START Provided information
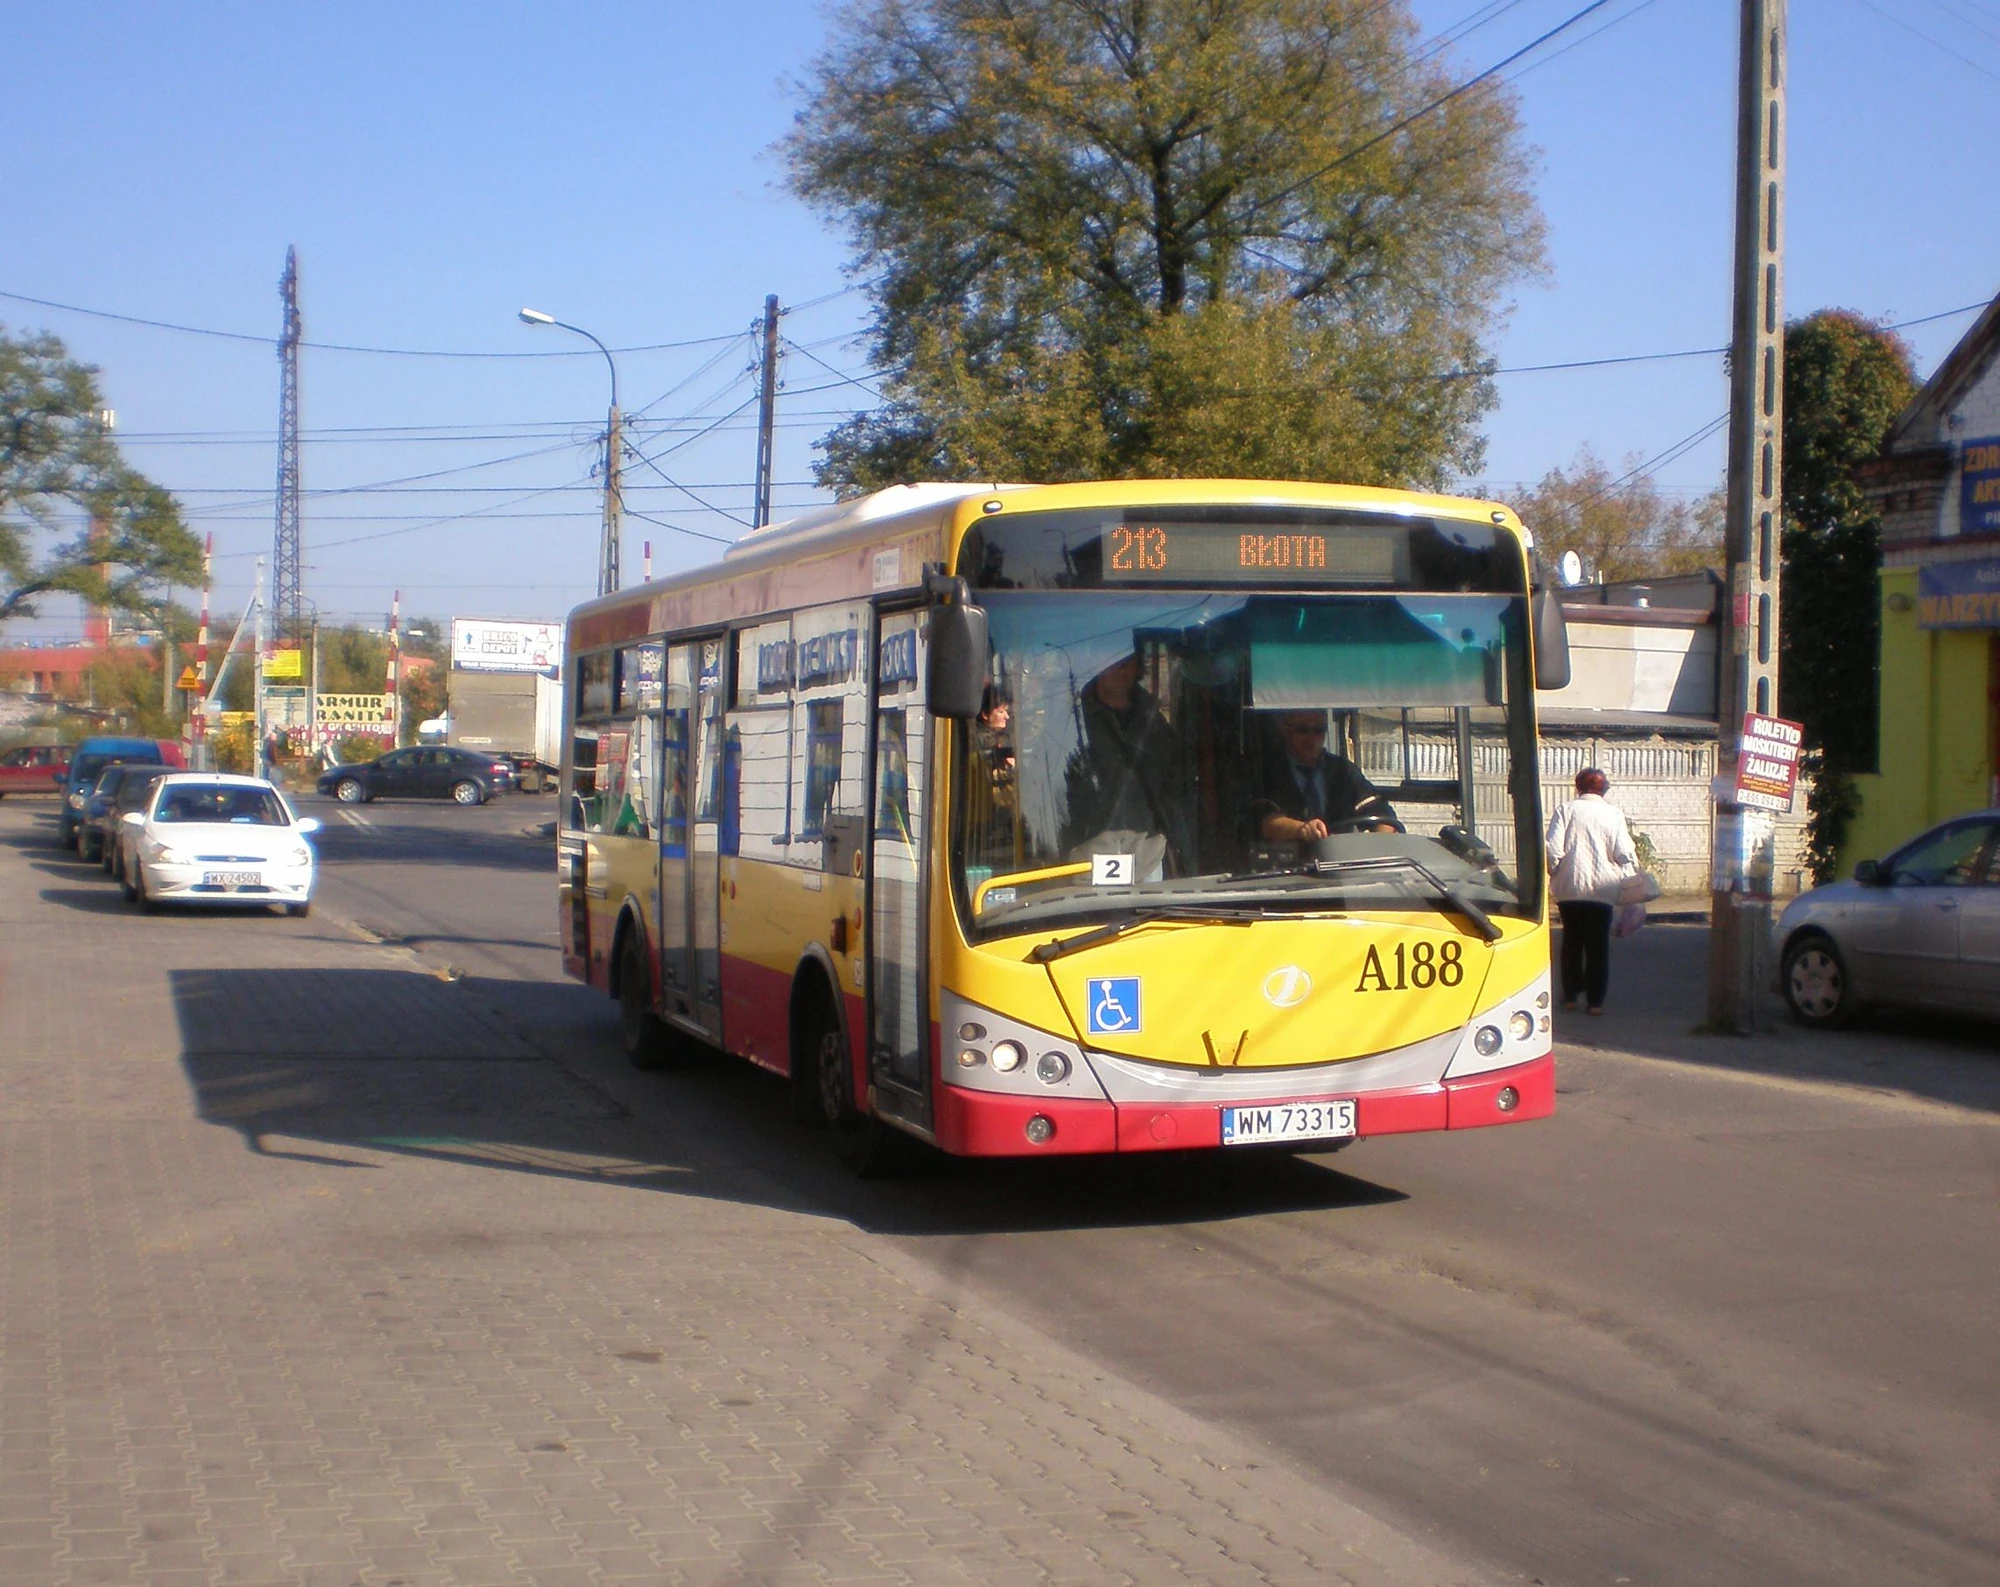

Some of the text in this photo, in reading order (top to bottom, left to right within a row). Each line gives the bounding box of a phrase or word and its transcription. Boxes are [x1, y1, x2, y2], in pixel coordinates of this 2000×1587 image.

[1111, 526, 1167, 570] 213
[1239, 533, 1326, 567] BŁOTA
[1919, 592, 2000, 624] WARZY
[1753, 718, 1793, 741] ROLETY
[1746, 754, 1791, 782] ŻALUZJE
[1104, 859, 1121, 879] 2
[1353, 940, 1464, 993] A188
[1238, 1105, 1351, 1135] WM 73315
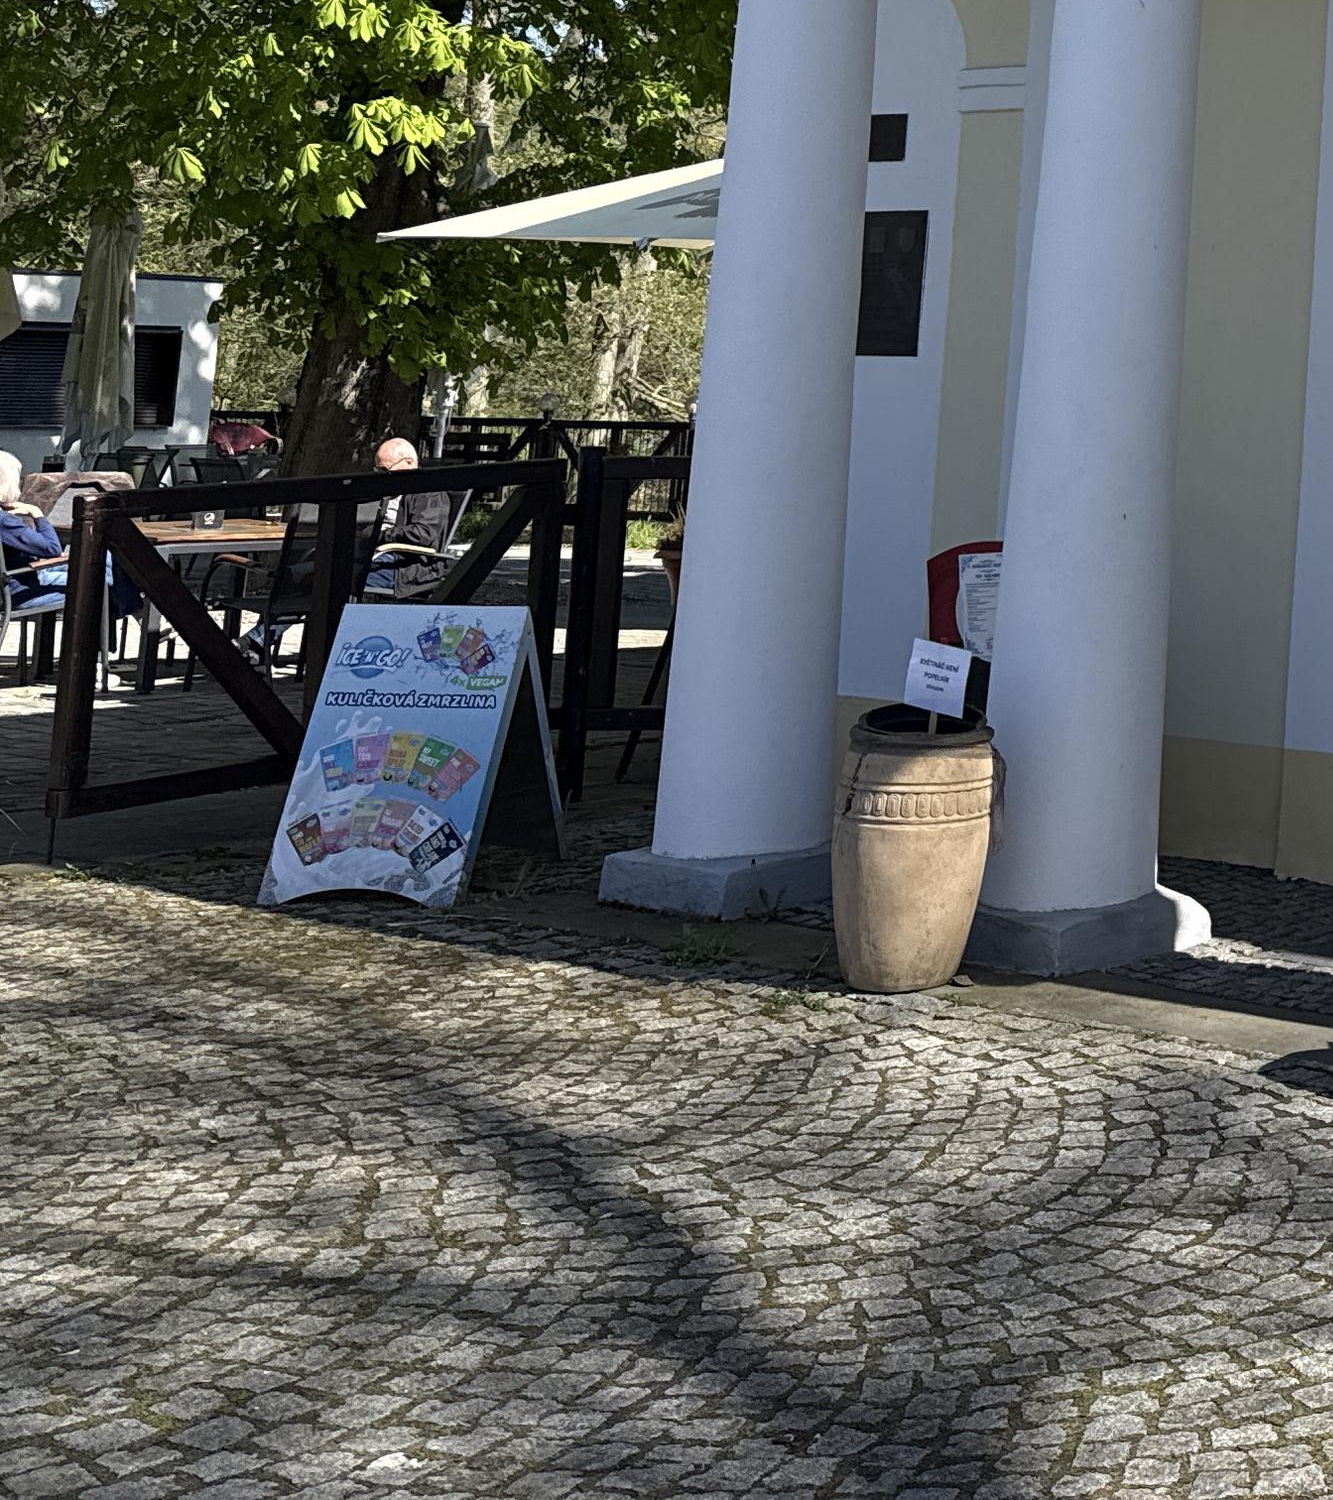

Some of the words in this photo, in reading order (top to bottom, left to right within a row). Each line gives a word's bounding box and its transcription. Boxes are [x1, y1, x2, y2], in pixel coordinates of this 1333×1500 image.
END Provided information
**Task brief**
Give the listing again exactly, excluding pictures.

**Completed exercise**
Some of the text in this photo, in reading order (top to bottom, left to right within a row). Each line gives the bounding box of a phrase or word and its transcription. Boxes are [x1, y1, x2, y2], in pixel coordinates of this 2000×1587 image.

[1111, 526, 1167, 570] 213
[1239, 533, 1326, 567] BŁOTA
[1919, 592, 2000, 624] WARZY
[1753, 718, 1793, 741] ROLETY
[1746, 754, 1791, 782] ŻALUZJE
[1104, 859, 1121, 879] 2
[1353, 940, 1464, 993] A188
[1238, 1105, 1351, 1135] WM 73315

Some of the words in this photo, in reading order (top to bottom, left to right within a row). Each line gives a word's bounding box and its transcription. Boxes are [x1, y1, x2, y2], in pixel coordinates of this 1333×1500 image.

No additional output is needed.